General information
- Type: Jet bomber
- Manufacturer: Messerschmitt
- Status: Never went past the project stage
- Primary user: Luftwaffe

= Messerschmitt P.1108 =

Proposed bomber aircraft family by Messerschmitt

Messerschmitt P.1108 Fernbomber was a design for a jet-propelled bomber developed for the Luftwaffe by Messerschmitt during the last years of Nazi Germany. It was never completed.

==History==
The P.1108 was designed by Dr. Wurster, to a concept by Dr. Alexander Lippisch. It was to have four Heinkel HeS 011 jet engines placed in the wing near the trailing edge, with intakes under the leading edge and ducting through it.

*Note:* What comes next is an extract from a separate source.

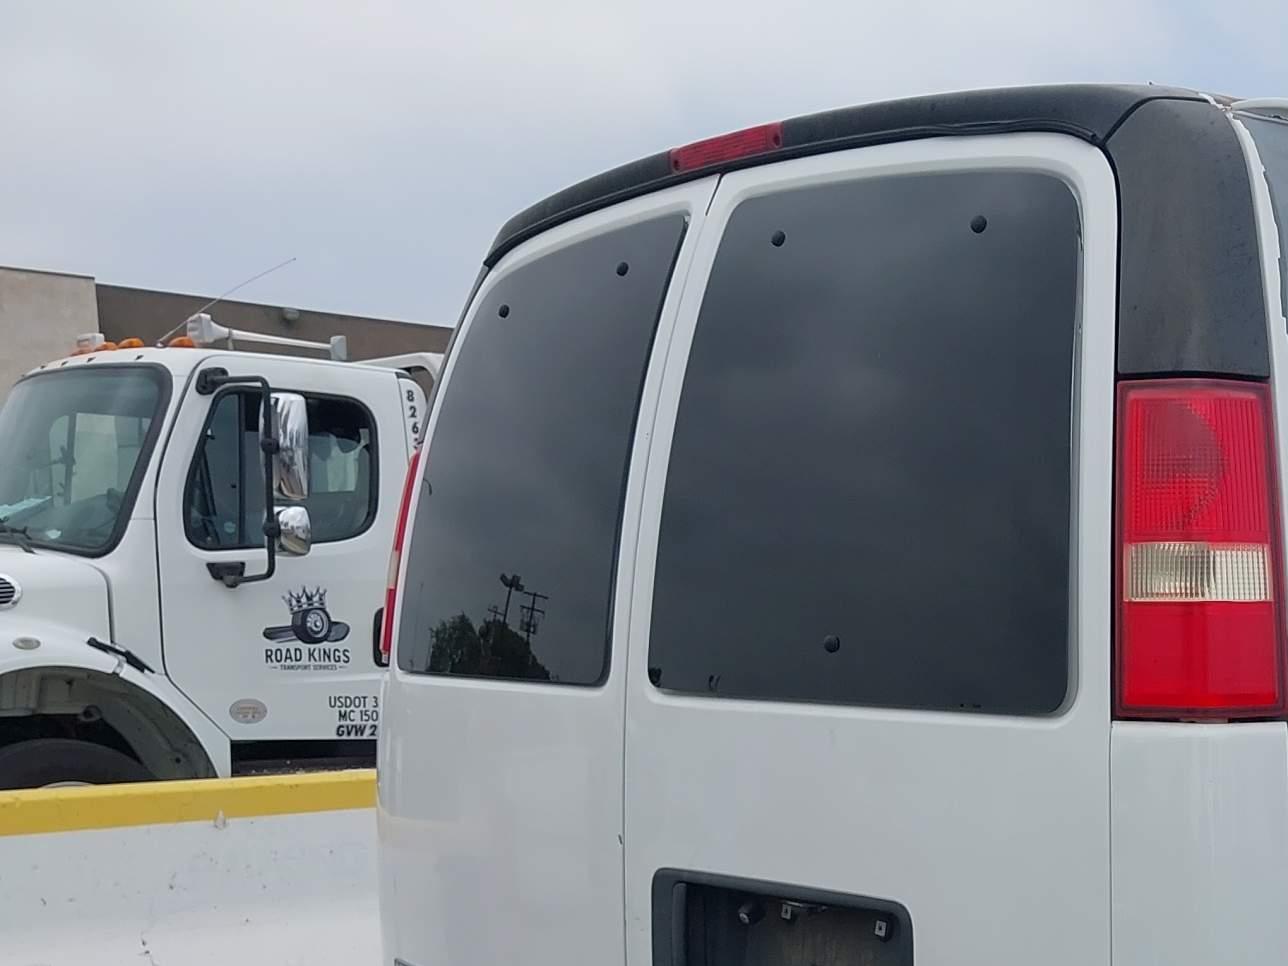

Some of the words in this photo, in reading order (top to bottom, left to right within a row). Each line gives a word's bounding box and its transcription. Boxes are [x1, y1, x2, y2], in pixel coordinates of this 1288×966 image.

Fully loaded weight was to be 30 tons, and range of 7,000 km at a speed of 800–850 km/h and a height of 9,000–12,000 m.

While not a true flying wing, it was tailless (with only a stabilizing fin and rudder).

While the Fedden Mission was told about the project, none of the information provided by Messerschmitt's employees could be independently verified, since all data had already been removed by the French. No aircraft were completed.

==Sources==
- Christopher, John. The Race for Hitler's X-Planes. The Mill, Gloucestershire: History Press, 2013.